What is expected:
From the material below, reproduce exactly the stretch of lines that begins with the line holding "this 1632×1224 image." and ends with the line holding "this 1600×1200 image.", skipping the pictures.
*** Opening of Records for this task ***
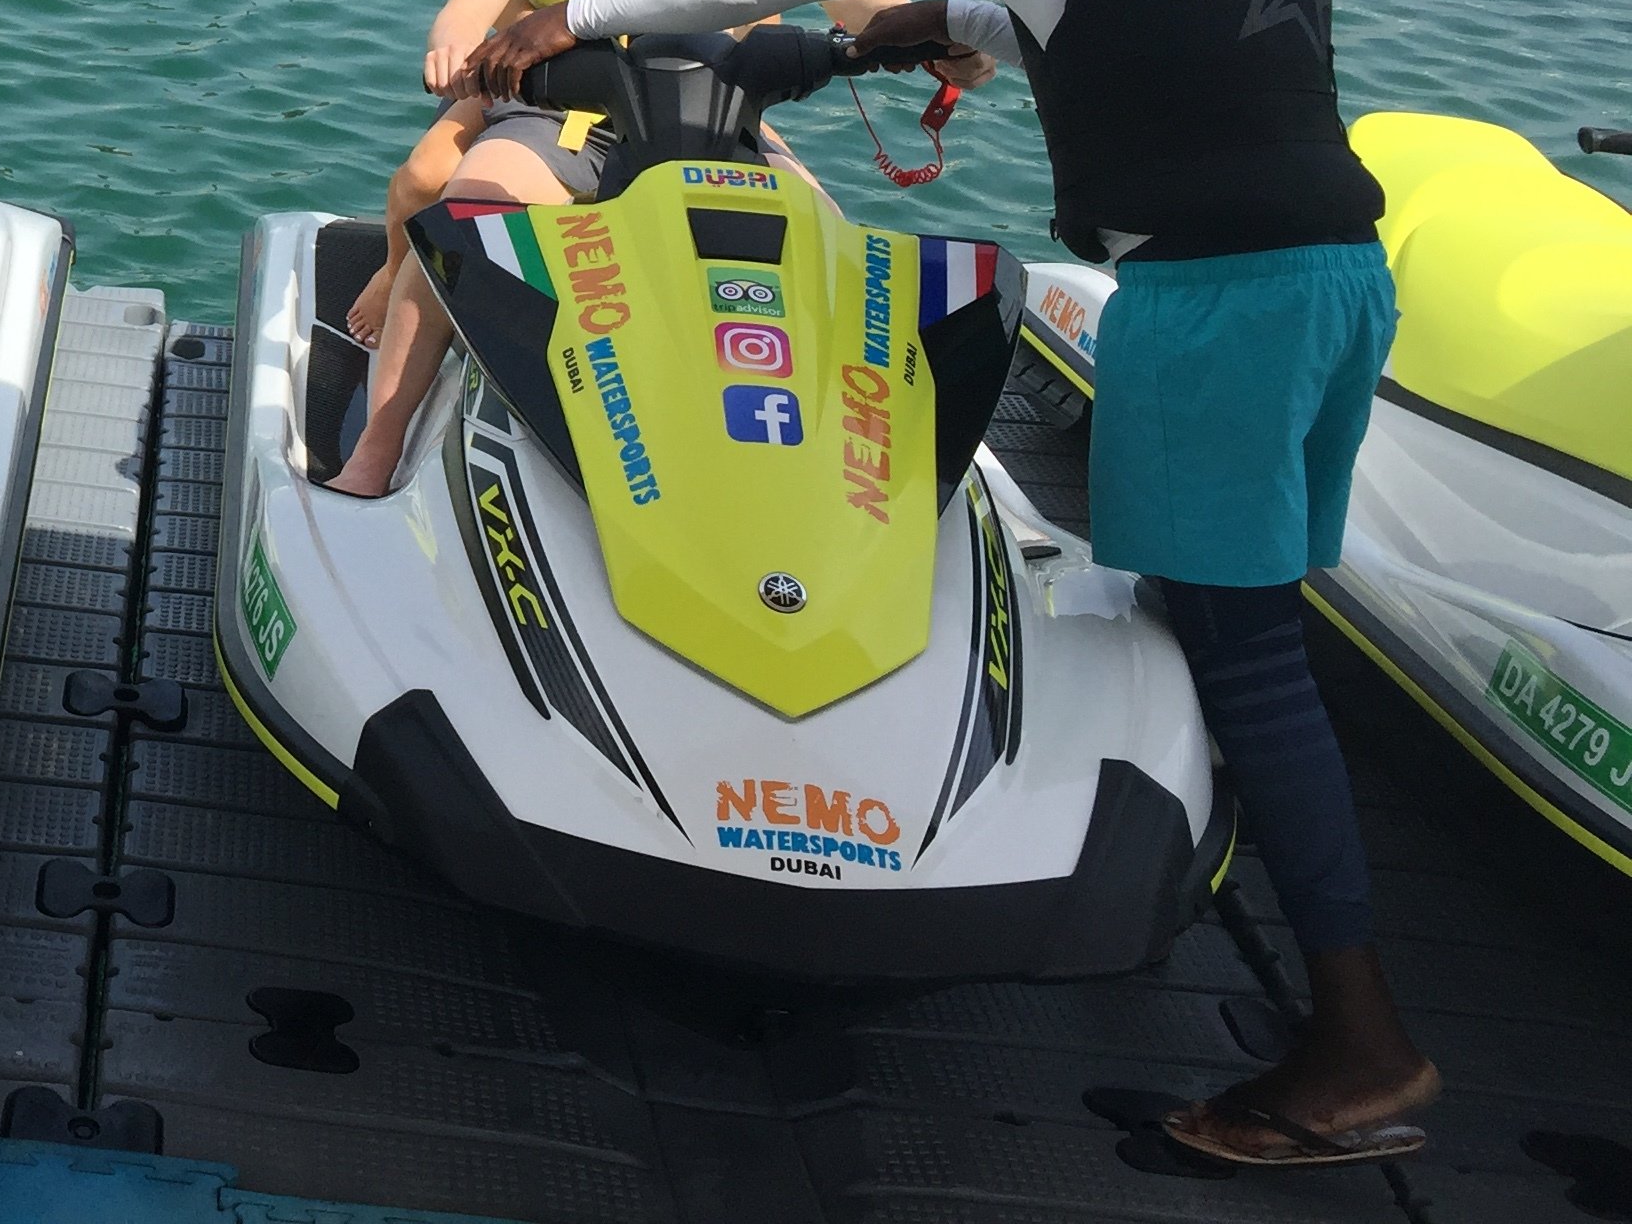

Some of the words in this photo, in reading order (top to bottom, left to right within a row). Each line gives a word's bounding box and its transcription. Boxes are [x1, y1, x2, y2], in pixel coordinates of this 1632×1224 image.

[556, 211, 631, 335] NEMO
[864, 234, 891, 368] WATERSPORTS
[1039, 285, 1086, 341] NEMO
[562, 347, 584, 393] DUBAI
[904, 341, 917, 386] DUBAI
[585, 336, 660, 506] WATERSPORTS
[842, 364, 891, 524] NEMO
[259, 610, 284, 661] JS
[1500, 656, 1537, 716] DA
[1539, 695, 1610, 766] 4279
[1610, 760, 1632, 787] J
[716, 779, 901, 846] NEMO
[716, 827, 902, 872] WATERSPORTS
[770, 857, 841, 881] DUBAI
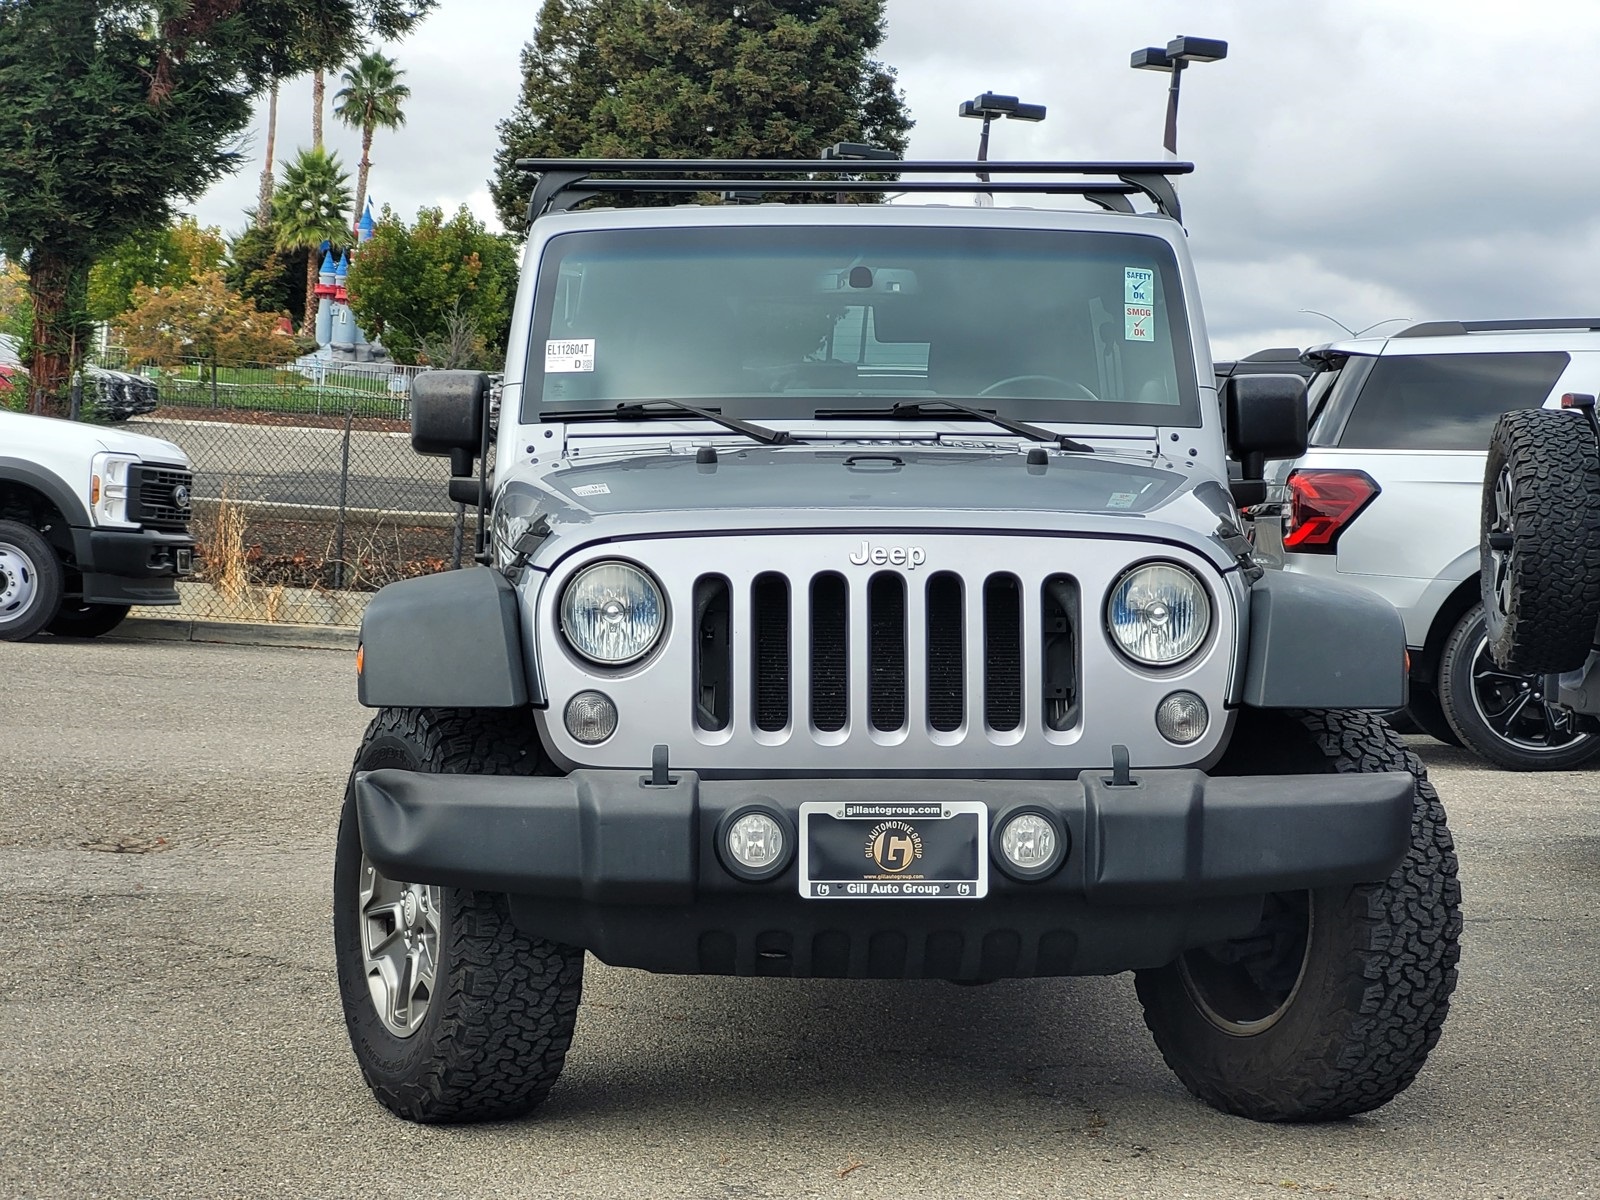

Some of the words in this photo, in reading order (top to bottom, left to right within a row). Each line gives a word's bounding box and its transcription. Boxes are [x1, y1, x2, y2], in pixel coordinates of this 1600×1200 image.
*** Close of Records for this task ***
*** Opening of Records for this task ***
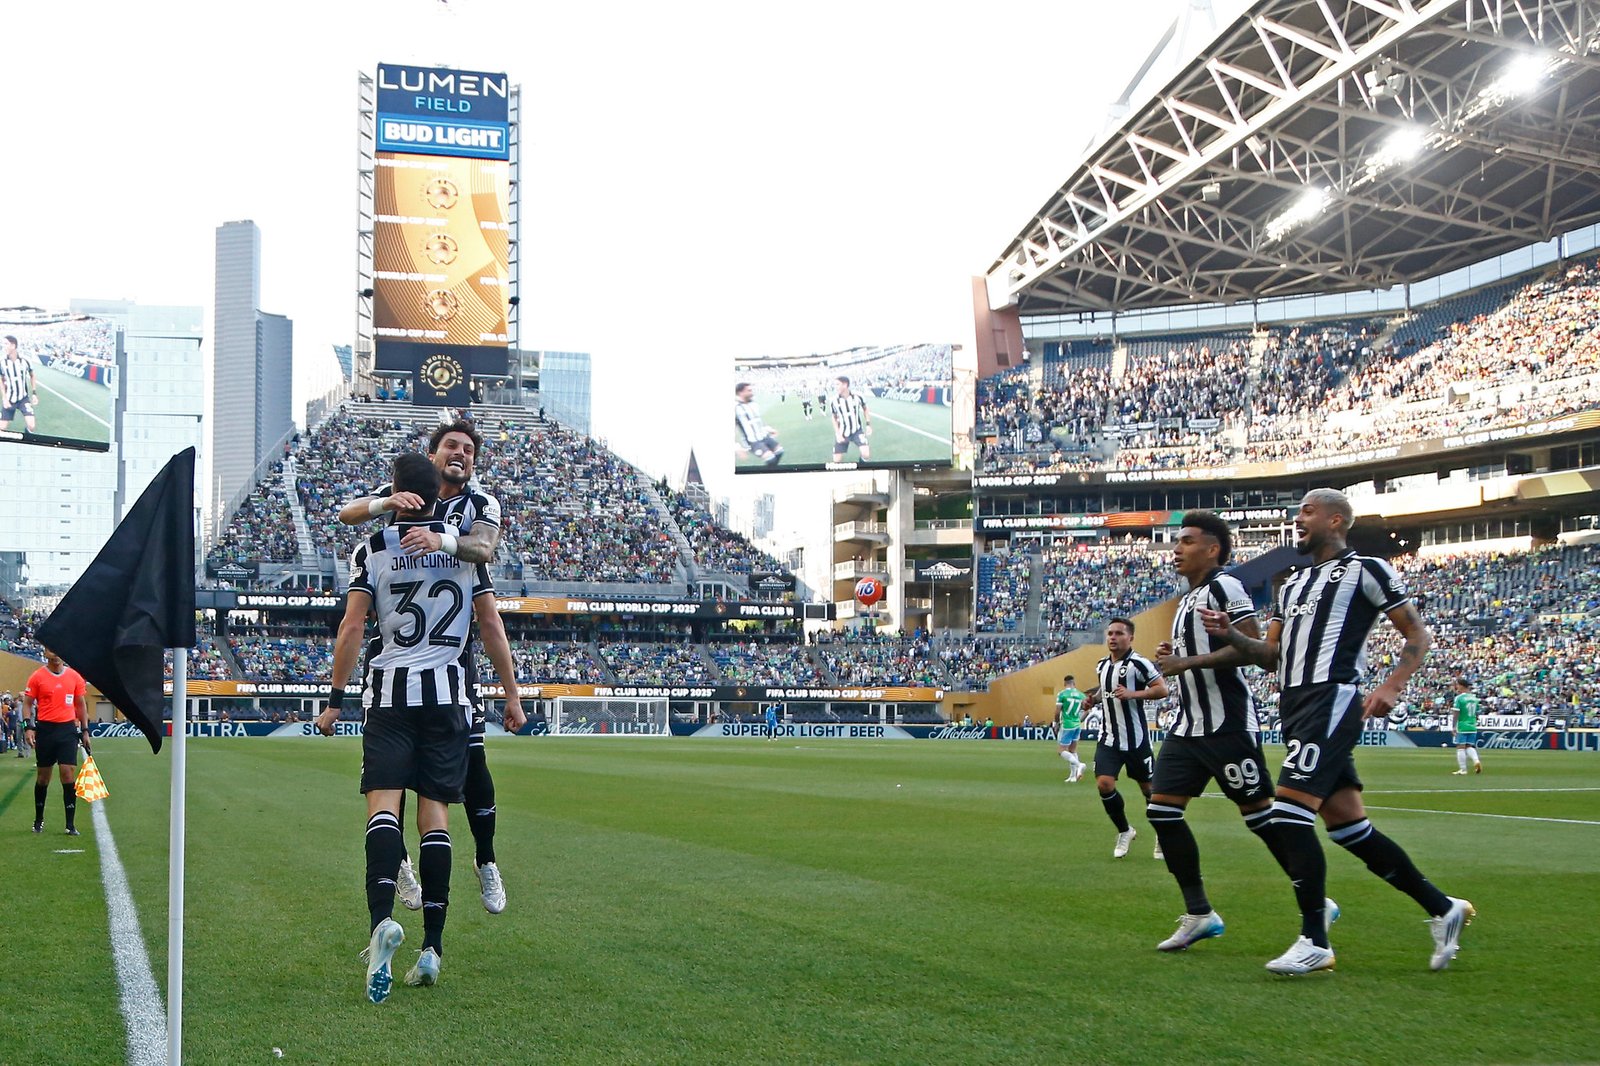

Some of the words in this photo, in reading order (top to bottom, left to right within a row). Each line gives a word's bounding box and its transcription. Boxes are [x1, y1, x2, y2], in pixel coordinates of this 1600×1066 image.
*** Close of Records for this task ***
Answer space:
Some of the words in this photo, in reading order (top to bottom, left to right within a row). Each line gives a word's bounding box and its transcription. Boxes are [x1, y1, x2, y2], in pixel coordinates of this 1632×1224 image.

[556, 211, 631, 335] NEMO
[864, 234, 891, 368] WATERSPORTS
[1039, 285, 1086, 341] NEMO
[562, 347, 584, 393] DUBAI
[904, 341, 917, 386] DUBAI
[585, 336, 660, 506] WATERSPORTS
[842, 364, 891, 524] NEMO
[259, 610, 284, 661] JS
[1500, 656, 1537, 716] DA
[1539, 695, 1610, 766] 4279
[1610, 760, 1632, 787] J
[716, 779, 901, 846] NEMO
[716, 827, 902, 872] WATERSPORTS
[770, 857, 841, 881] DUBAI

Some of the words in this photo, in reading order (top to bottom, left to right within a row). Each line gives a word's bounding box and its transcription. Boxes are [x1, y1, x2, y2], in pixel coordinates of this 1600×1200 image.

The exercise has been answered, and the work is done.